* About this exercise:
From the line with "this 1200×1600 image." through the final line, transcribe the material below character for character; include no other lines.

-.-.-

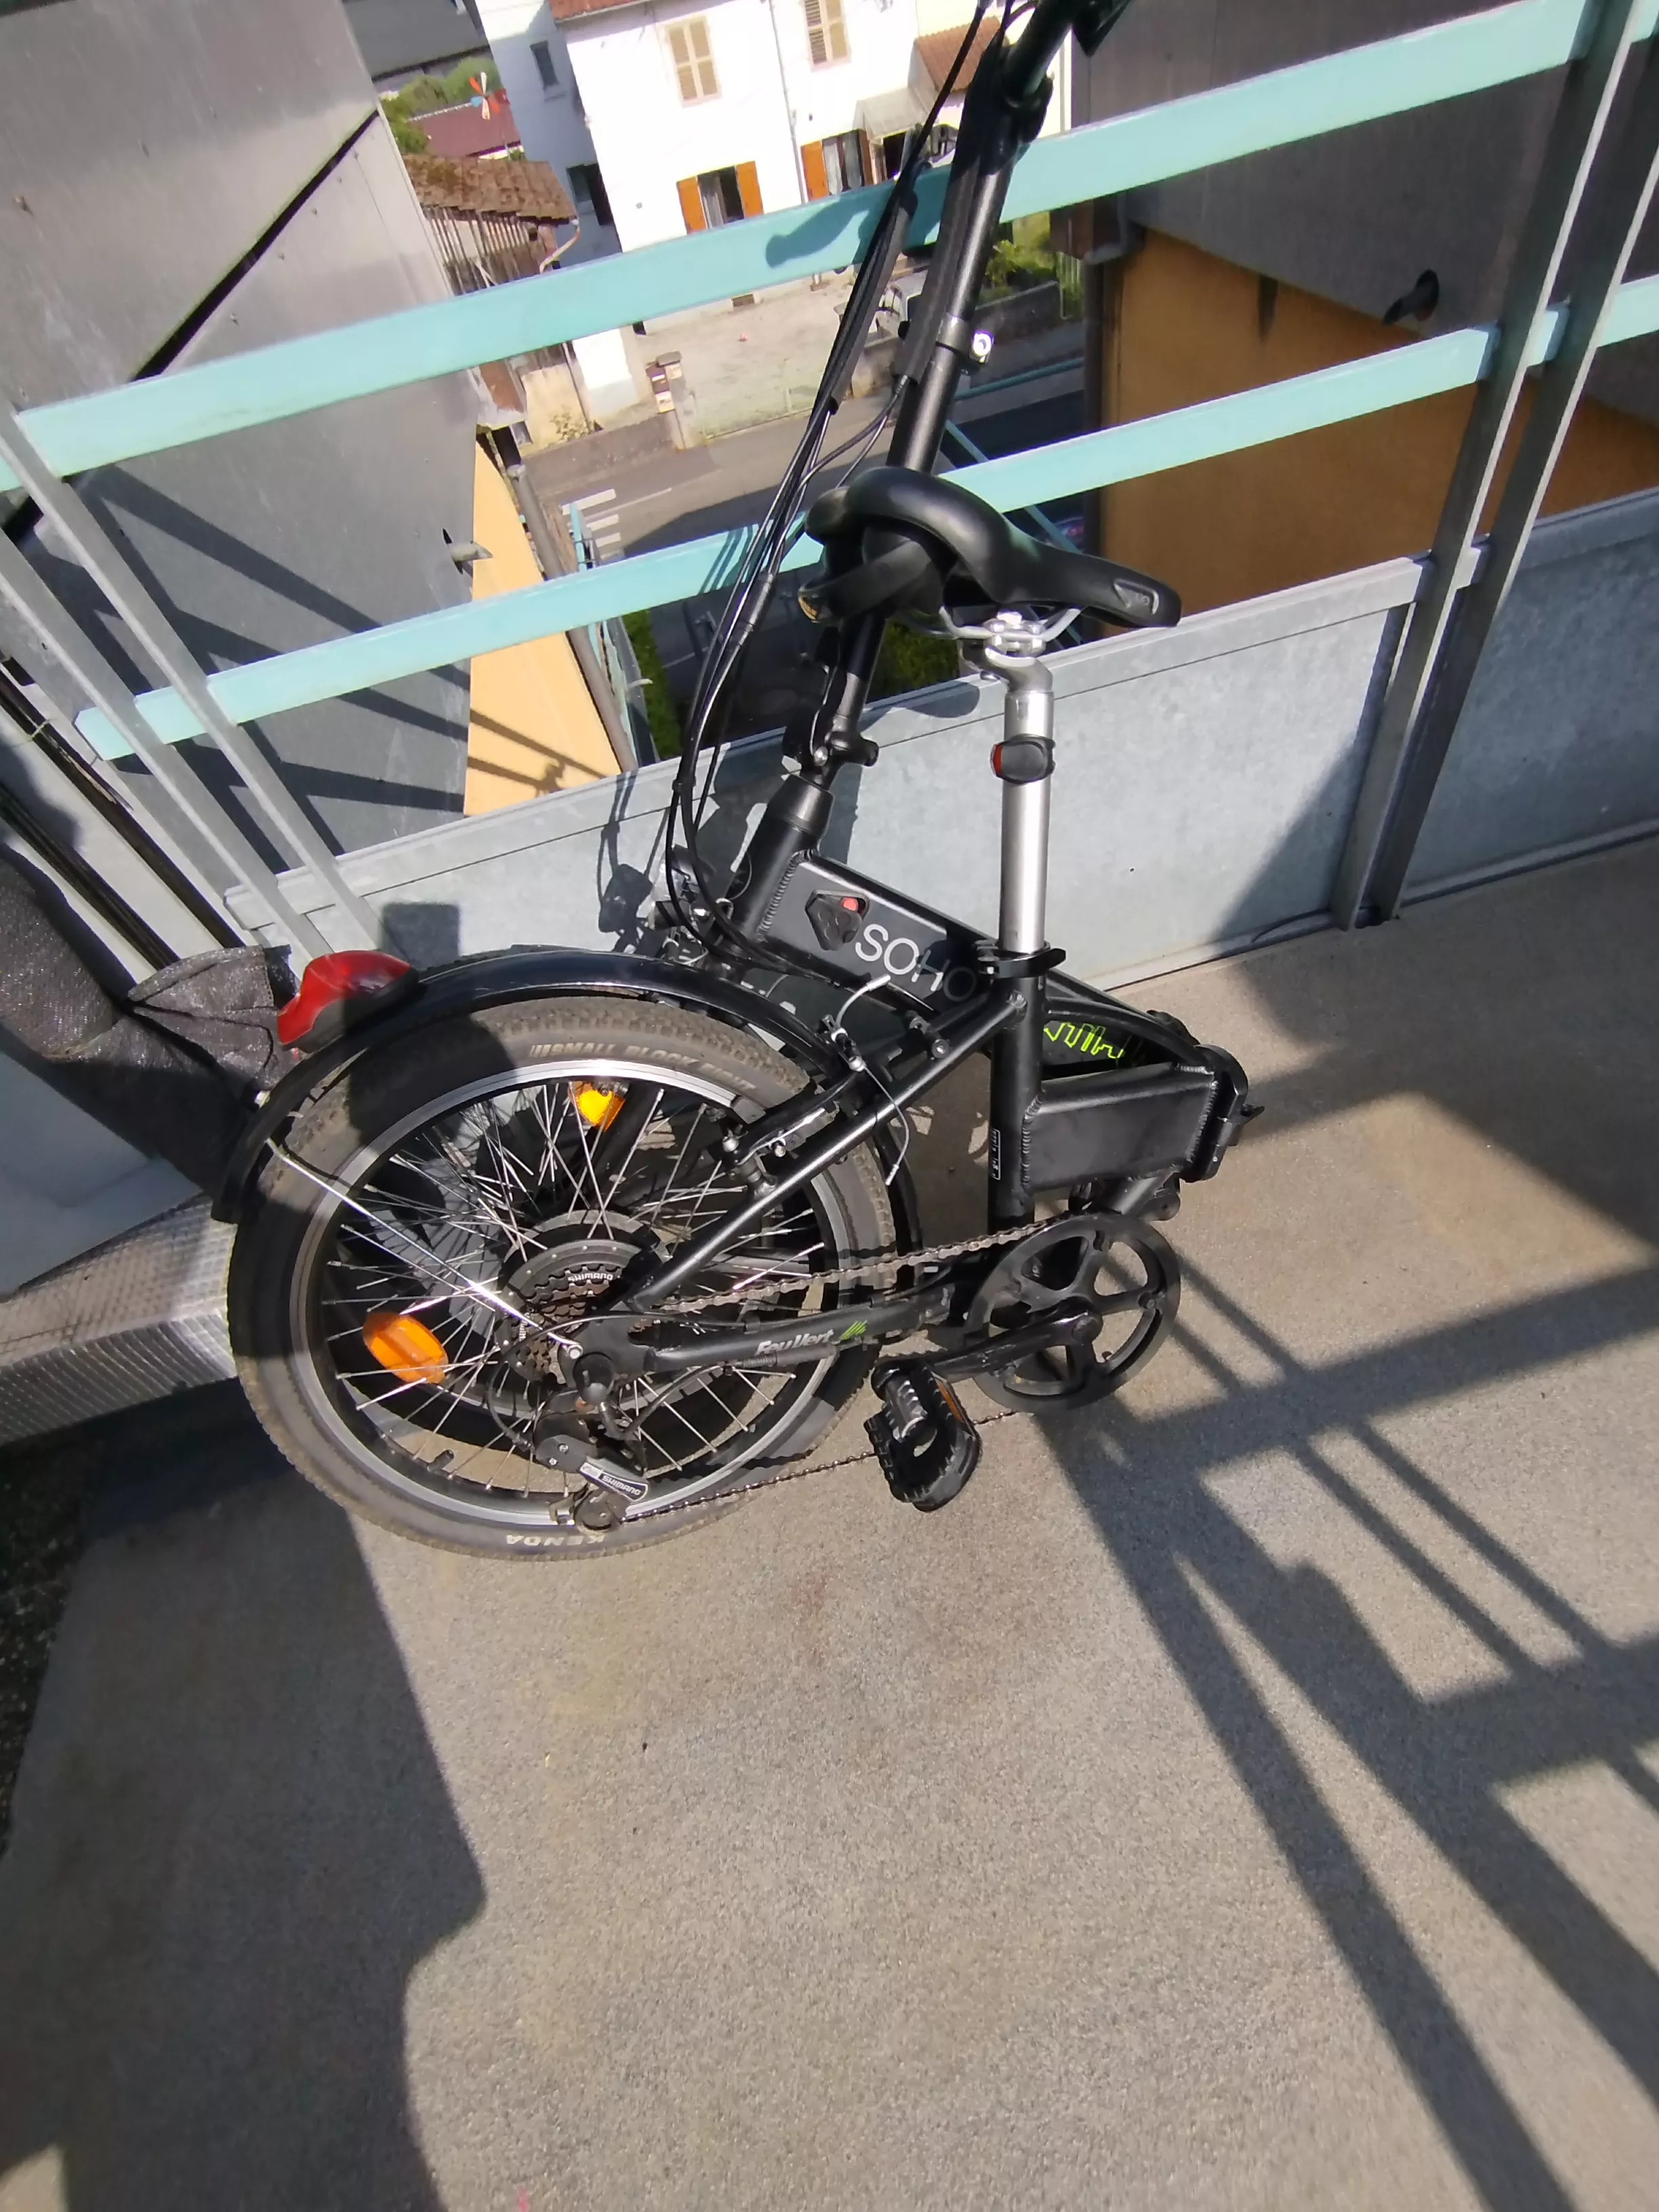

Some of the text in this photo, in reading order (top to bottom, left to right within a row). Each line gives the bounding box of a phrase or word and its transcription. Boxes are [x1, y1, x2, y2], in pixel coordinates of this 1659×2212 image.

[855, 924, 977, 1002] SOHO
[625, 1044, 699, 1065] BLOCK
[568, 1273, 613, 1282] SHIMANO
[602, 1475, 642, 1496] SHIMANO
[506, 1534, 605, 1547] KENDA
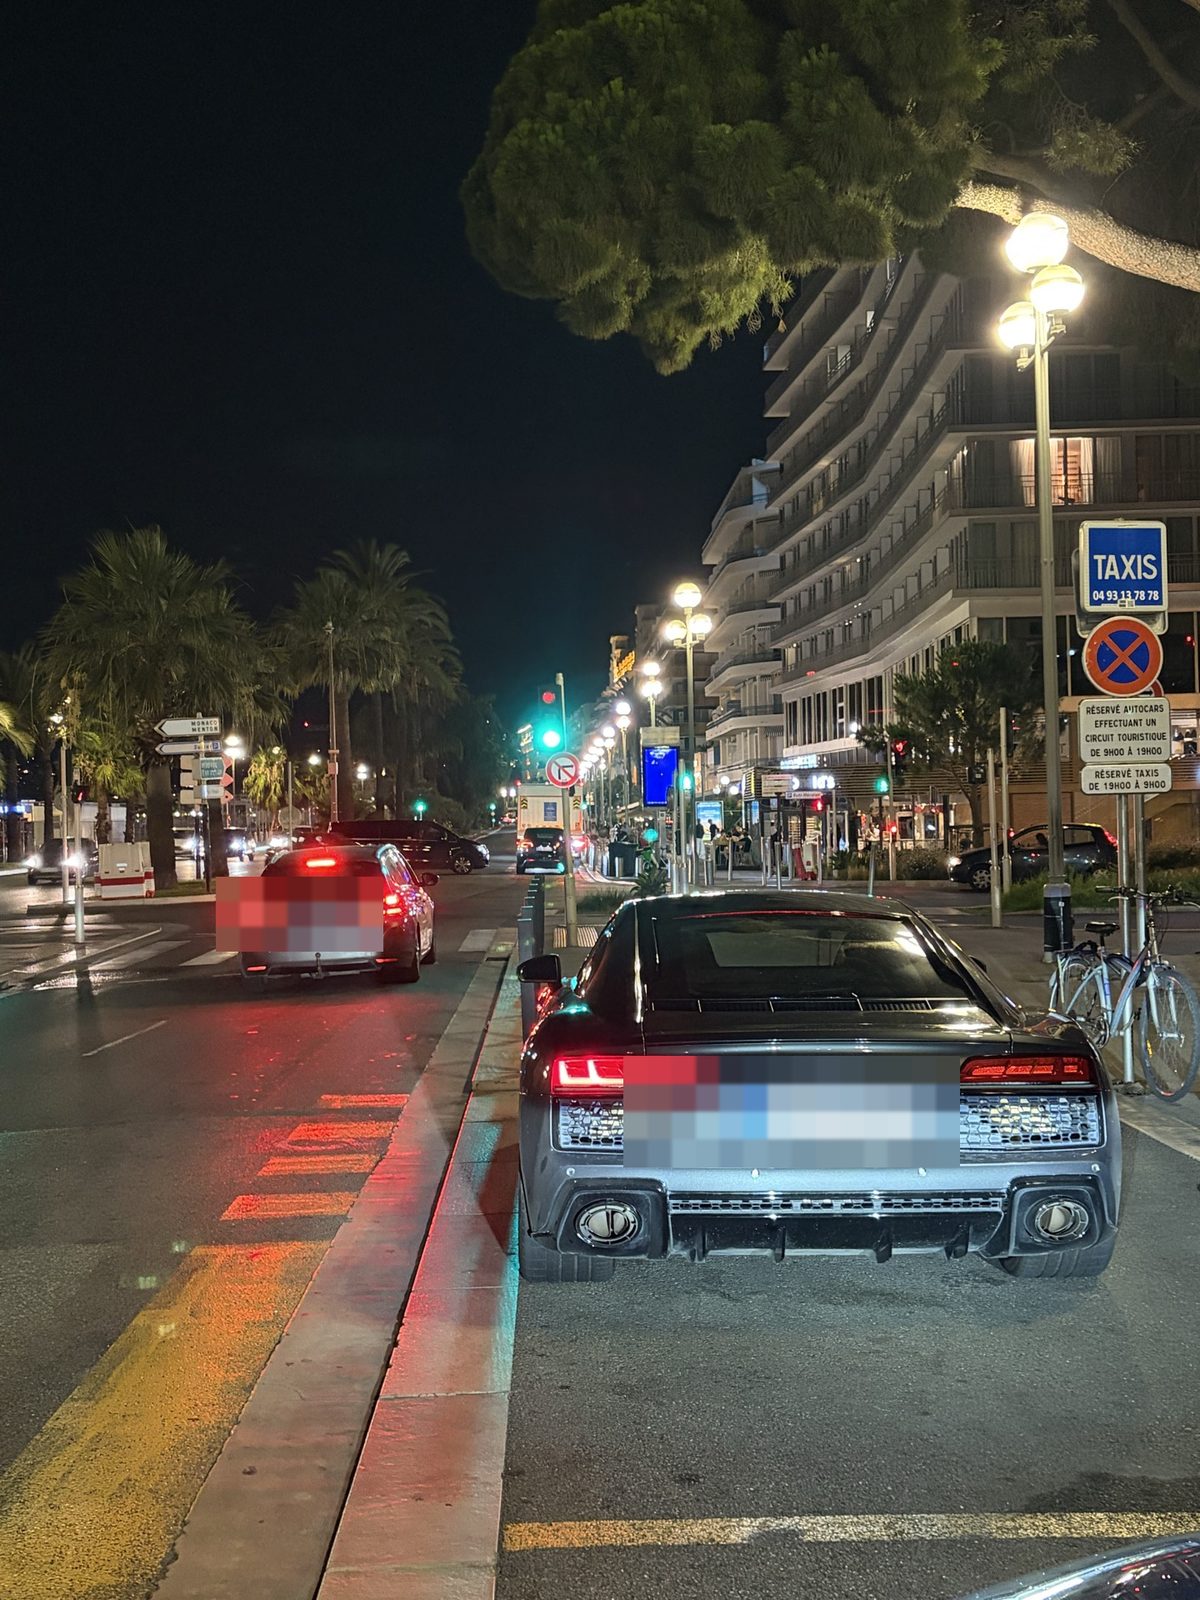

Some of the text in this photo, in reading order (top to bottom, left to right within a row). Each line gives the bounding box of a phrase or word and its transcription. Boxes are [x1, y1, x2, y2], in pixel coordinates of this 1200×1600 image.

[1093, 554, 1158, 580] TAXIS
[1092, 590, 1159, 601] 04 93 13 78 78
[1086, 704, 1164, 715] RÉSERVÉ AUTOCARS
[1094, 718, 1157, 728] EFFECTUANT UN
[1085, 732, 1167, 743] CIRCUIT TOURISTIQUE
[1090, 746, 1162, 757] DE 9H00 À 19H00
[1094, 768, 1159, 779] RÉSERVÉ TAXIS
[1089, 780, 1166, 791] DE 19H00 À 9H00

-.-.-

* Answer for this exercise:
Some of the text in this photo, in reading order (top to bottom, left to right within a row). Each line gives the bounding box of a phrase or word and its transcription. Boxes are [x1, y1, x2, y2], in pixel coordinates of this 1200×1600 image.

[1093, 554, 1158, 580] TAXIS
[1092, 590, 1159, 601] 04 93 13 78 78
[1086, 704, 1164, 715] RÉSERVÉ AUTOCARS
[1094, 718, 1157, 728] EFFECTUANT UN
[1085, 732, 1167, 743] CIRCUIT TOURISTIQUE
[1090, 746, 1162, 757] DE 9H00 À 19H00
[1094, 768, 1159, 779] RÉSERVÉ TAXIS
[1089, 780, 1166, 791] DE 19H00 À 9H00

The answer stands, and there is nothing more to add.